Intervenir avant que ce ne soit trop tard
Quand vous détectez un ou plusieurs de ces signaux, vous avez une fenêtre d'action. Elle ne dure pas longtemps : quelques bilans.
Votre intervention doit être :
- Directe et bienveillante : « J'ai remarqué que les bilans sont plus espacés depuis trois semaines. Comment ça va vraiment ? »
- Centrée sur son contexte, pas sur ses résultats : « Tu as dit que le temps manque. Faut-il qu'on adapte la fréquence des bilans ou le volume d'entraînement ? »
- Honnête : « Ton ressenti montre un doute. C'est normal à ce stade, mais je veux qu'on en parle ensemble »
- Offrant une sortie gracieuse si nécessaire : « Si ce n'est pas le bon moment, tu peux faire une pause sans culpabilité. Je suis là quand tu reviens »
Beaucoup de coachs redoutent cette conversation parce qu'ils la perçoivent comme une perte de client. C'est l'inverse : reconnaître le problème directement crée de la confiance et souvent réveille le client. Et même s'il choisit une pause, vous l'avez montré attentif, ce qui augmente la probabilité qu'il revienne ou qu'il vous recommande.
Un suivi humain que Moveat facilite
Moveat enregistre chaque bilan, chaque photo, chaque commentaire du client. Cette continuité visible à l'écran vous permet de détecter les écarts rapidement : vous n'avez pas besoin de fouiller dans une pile de papiers ou de vous fier à votre mémoire. Les courbes, les photos antérieures, le historique des ressentis sont là, organisés, faciles à relire.
Cette traçabilité est un atout professionnel : elle fait preuve de suivi sérieux auprès du client, et elle vous arme pour intervenir vite et justement, sans approximation.
Questions fréquentes
Faut-il intervenir au premier bilan tardif ?
Non, pas systématiquement. Un bilan retardé peut être circonstanciel : travail intense, maladie passagère, oubli. Deux ou trois retards consécutifs, ou un bilan retardé couplé à un changement de tonalité, sont plus éloquents.
Comment l'absence de questions du client sur la diète signale-t-elle un abandon ?

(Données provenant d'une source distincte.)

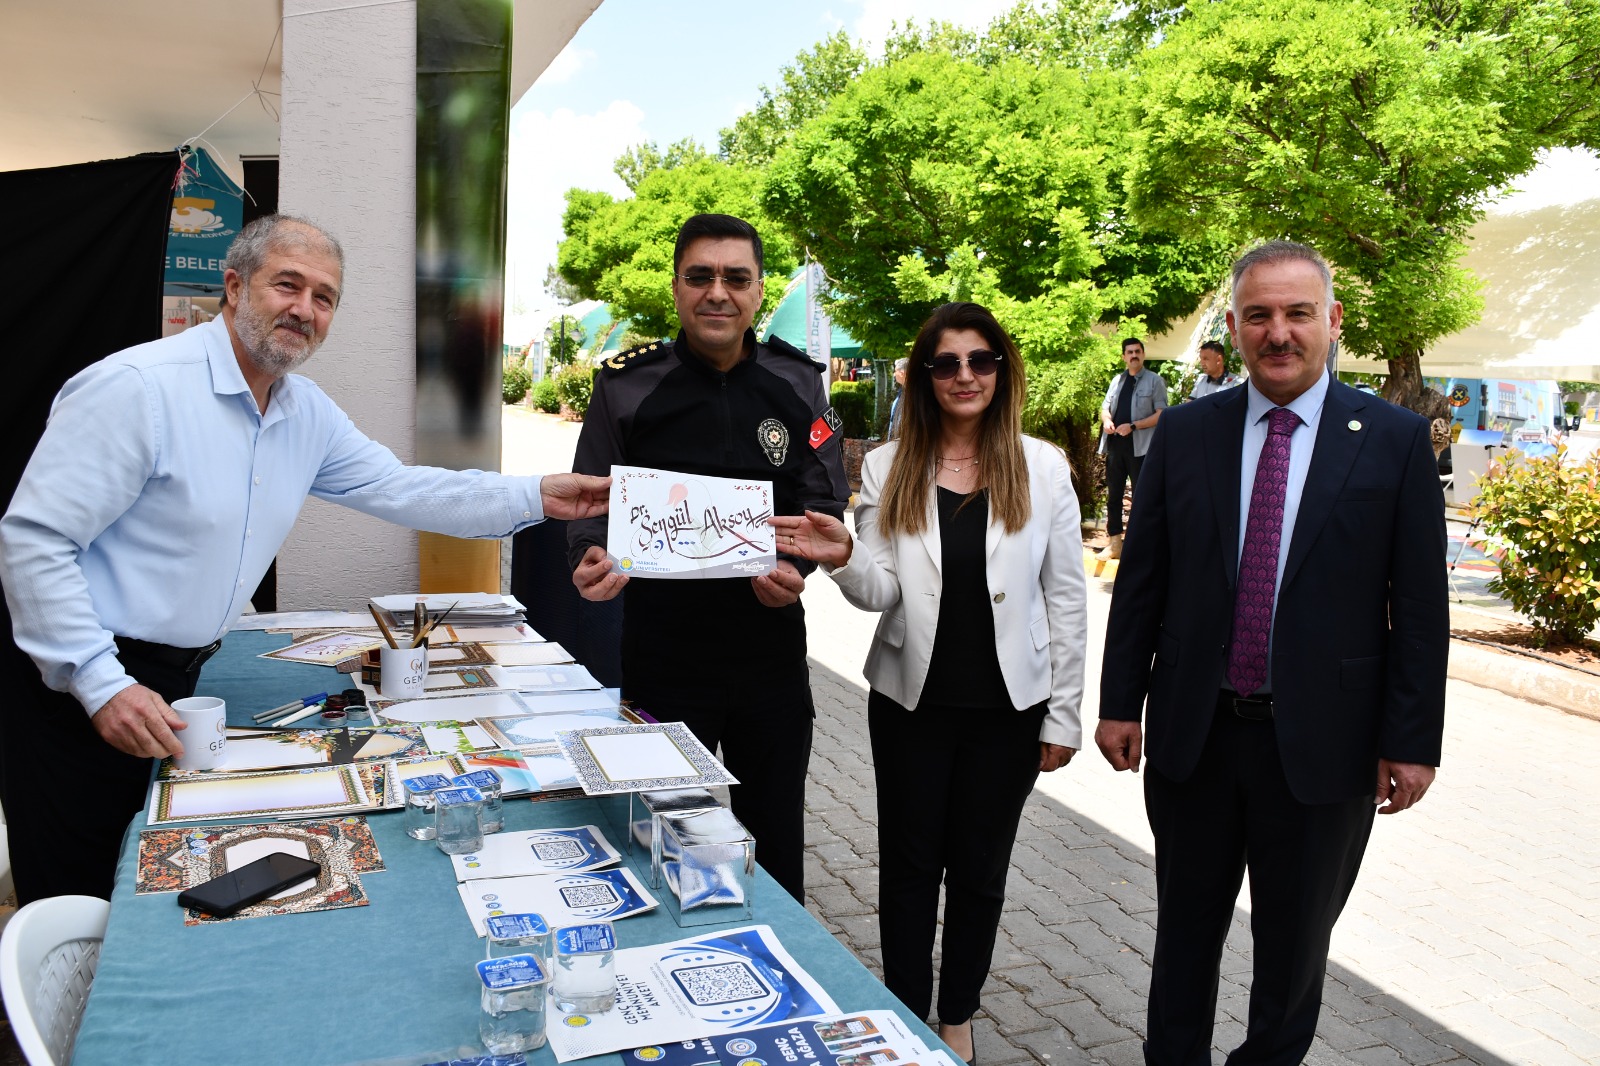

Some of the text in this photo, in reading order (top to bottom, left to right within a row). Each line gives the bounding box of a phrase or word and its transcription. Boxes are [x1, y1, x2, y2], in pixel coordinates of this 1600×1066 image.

[630, 504, 649, 524] Dr.
[637, 500, 772, 554] Şengül Aksoy
[615, 974, 654, 1021] MEMNUNİYET
[632, 981, 661, 1007] ANKETİ
[617, 1005, 639, 1025] GENÇ
[787, 1026, 817, 1059] AĞAZA
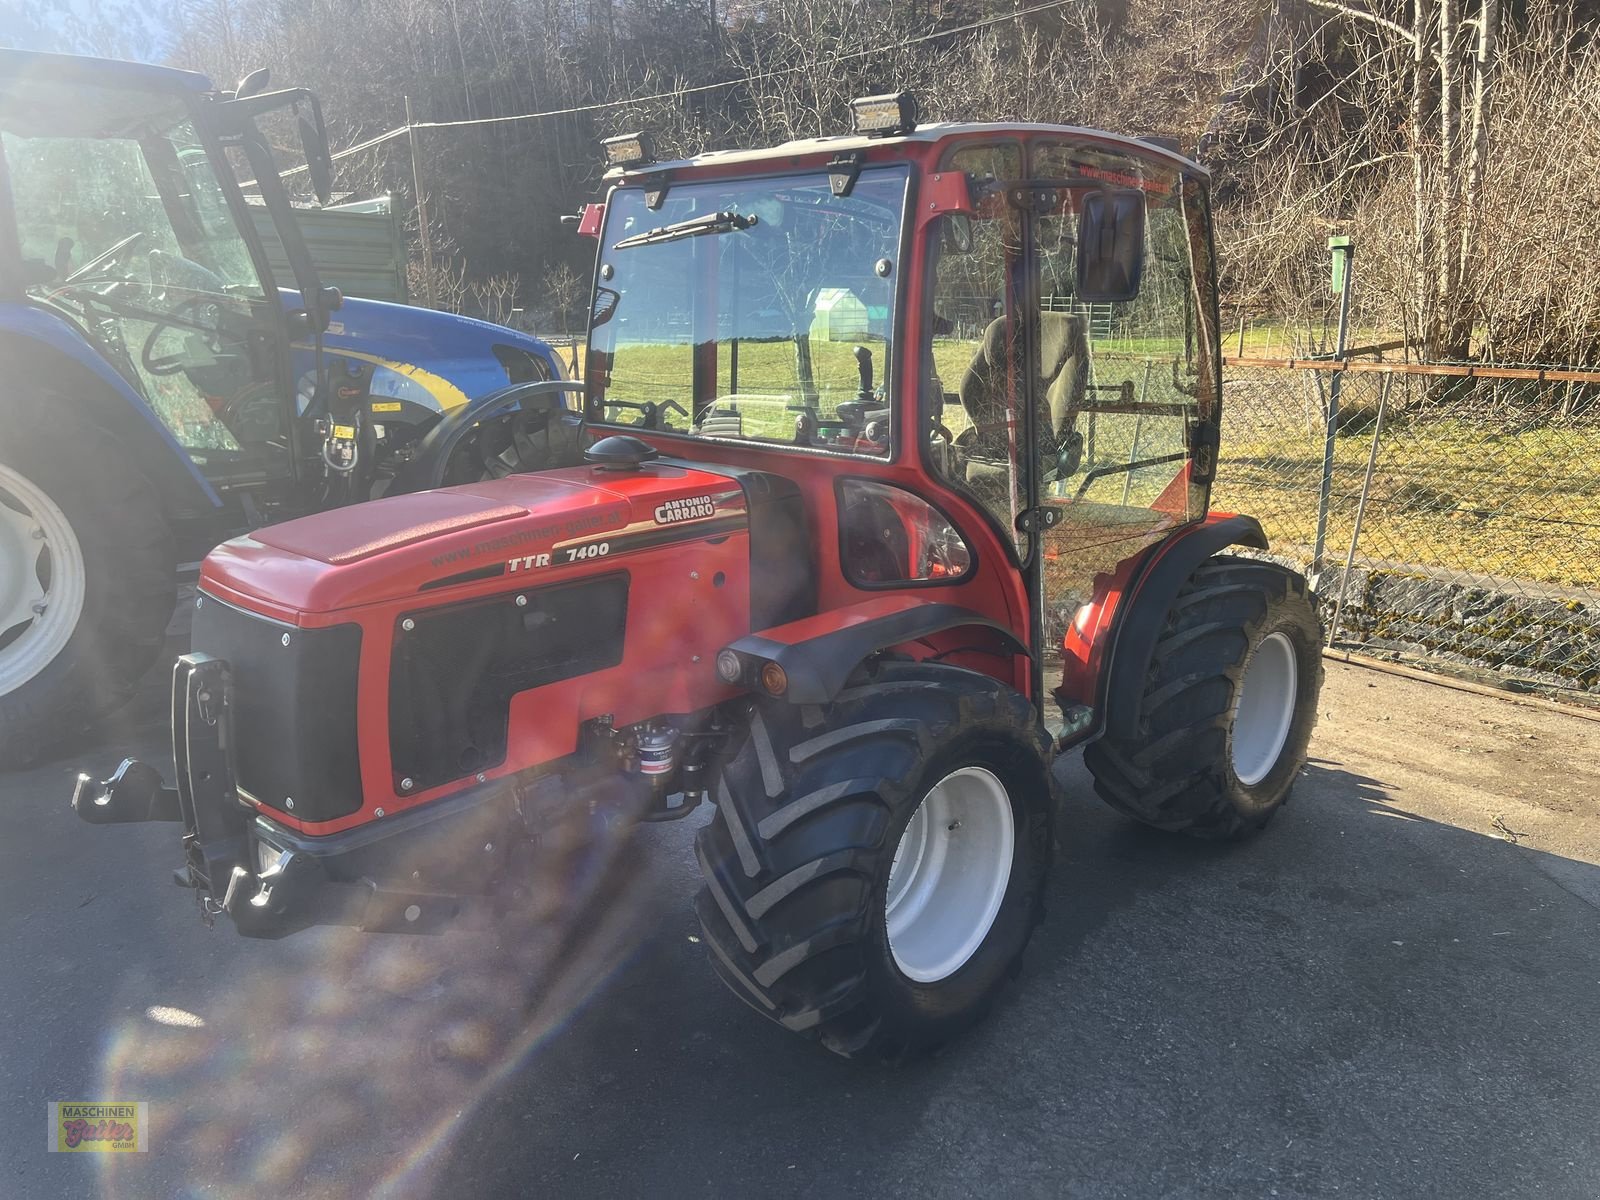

Un client engagé cherche à optimiser, à comprendre, à questionner. Un client qui reçoit passivement la diète sans retour montre qu'il n'y pense plus, ou qu'il ne la suit plus vraiment. C'est une forme de silence qui précède le départ.
Peut-on relancer un client trop directement ?
Non, si votre relance est factuelle et bienveillante. Dire « J'ai remarqué que tu n'as pas envoyé ton bilan depuis trois semaines, tout va bien ? » n'est pas agressif : c'est professionnel. C'est la seule façon d'éviter que le client part sans explication.